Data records
⟨

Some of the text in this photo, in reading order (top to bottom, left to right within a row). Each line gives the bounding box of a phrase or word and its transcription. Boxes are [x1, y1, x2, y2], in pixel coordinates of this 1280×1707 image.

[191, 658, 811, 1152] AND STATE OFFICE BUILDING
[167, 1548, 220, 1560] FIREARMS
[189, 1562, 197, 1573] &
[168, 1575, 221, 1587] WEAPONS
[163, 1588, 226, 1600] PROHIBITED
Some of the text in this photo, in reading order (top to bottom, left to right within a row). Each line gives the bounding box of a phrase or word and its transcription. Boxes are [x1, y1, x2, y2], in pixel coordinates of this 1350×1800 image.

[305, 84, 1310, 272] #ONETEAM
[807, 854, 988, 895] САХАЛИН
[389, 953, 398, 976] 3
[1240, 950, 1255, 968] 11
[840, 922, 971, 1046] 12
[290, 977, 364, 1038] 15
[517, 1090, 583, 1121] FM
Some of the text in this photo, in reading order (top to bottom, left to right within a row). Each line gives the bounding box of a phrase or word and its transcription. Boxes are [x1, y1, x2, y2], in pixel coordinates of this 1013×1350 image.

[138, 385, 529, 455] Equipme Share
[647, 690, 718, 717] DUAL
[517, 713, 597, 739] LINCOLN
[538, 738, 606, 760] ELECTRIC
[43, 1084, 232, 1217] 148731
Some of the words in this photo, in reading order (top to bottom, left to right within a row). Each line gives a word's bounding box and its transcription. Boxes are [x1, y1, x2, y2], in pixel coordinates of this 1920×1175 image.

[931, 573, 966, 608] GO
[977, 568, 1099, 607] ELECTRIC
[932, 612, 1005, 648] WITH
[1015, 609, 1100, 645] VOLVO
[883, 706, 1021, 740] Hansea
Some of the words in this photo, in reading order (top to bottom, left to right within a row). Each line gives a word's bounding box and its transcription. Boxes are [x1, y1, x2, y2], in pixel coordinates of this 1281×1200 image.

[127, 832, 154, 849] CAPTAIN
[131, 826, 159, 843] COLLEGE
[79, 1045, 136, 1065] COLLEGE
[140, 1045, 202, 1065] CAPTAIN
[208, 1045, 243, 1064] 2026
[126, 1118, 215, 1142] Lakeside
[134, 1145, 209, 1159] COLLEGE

⟩

What is needed is a faithful transcription of every entry.

Some of the text in this photo, in reading order (top to bottom, left to right within a row). Each line gives the bounding box of a phrase or word and its transcription. Boxes are [x1, y1, x2, y2], in pixel coordinates of this 1280×1707 image.

[191, 658, 811, 1152] AND STATE OFFICE BUILDING
[167, 1548, 220, 1560] FIREARMS
[189, 1562, 197, 1573] &
[168, 1575, 221, 1587] WEAPONS
[163, 1588, 226, 1600] PROHIBITED
Some of the text in this photo, in reading order (top to bottom, left to right within a row). Each line gives the bounding box of a phrase or word and its transcription. Boxes are [x1, y1, x2, y2], in pixel coordinates of this 1350×1800 image.

[305, 84, 1310, 272] #ONETEAM
[807, 854, 988, 895] САХАЛИН
[389, 953, 398, 976] 3
[1240, 950, 1255, 968] 11
[840, 922, 971, 1046] 12
[290, 977, 364, 1038] 15
[517, 1090, 583, 1121] FM
Some of the text in this photo, in reading order (top to bottom, left to right within a row). Each line gives the bounding box of a phrase or word and its transcription. Boxes are [x1, y1, x2, y2], in pixel coordinates of this 1013×1350 image.

[138, 385, 529, 455] Equipme Share
[647, 690, 718, 717] DUAL
[517, 713, 597, 739] LINCOLN
[538, 738, 606, 760] ELECTRIC
[43, 1084, 232, 1217] 148731
Some of the words in this photo, in reading order (top to bottom, left to right within a row). Each line gives a word's bounding box and its transcription. Boxes are [x1, y1, x2, y2], in pixel coordinates of this 1920×1175 image.

[931, 573, 966, 608] GO
[977, 568, 1099, 607] ELECTRIC
[932, 612, 1005, 648] WITH
[1015, 609, 1100, 645] VOLVO
[883, 706, 1021, 740] Hansea
Some of the words in this photo, in reading order (top to bottom, left to right within a row). Each line gives a word's bounding box and its transcription. Boxes are [x1, y1, x2, y2], in pixel coordinates of this 1281×1200 image.

[127, 832, 154, 849] CAPTAIN
[131, 826, 159, 843] COLLEGE
[79, 1045, 136, 1065] COLLEGE
[140, 1045, 202, 1065] CAPTAIN
[208, 1045, 243, 1064] 2026
[126, 1118, 215, 1142] Lakeside
[134, 1145, 209, 1159] COLLEGE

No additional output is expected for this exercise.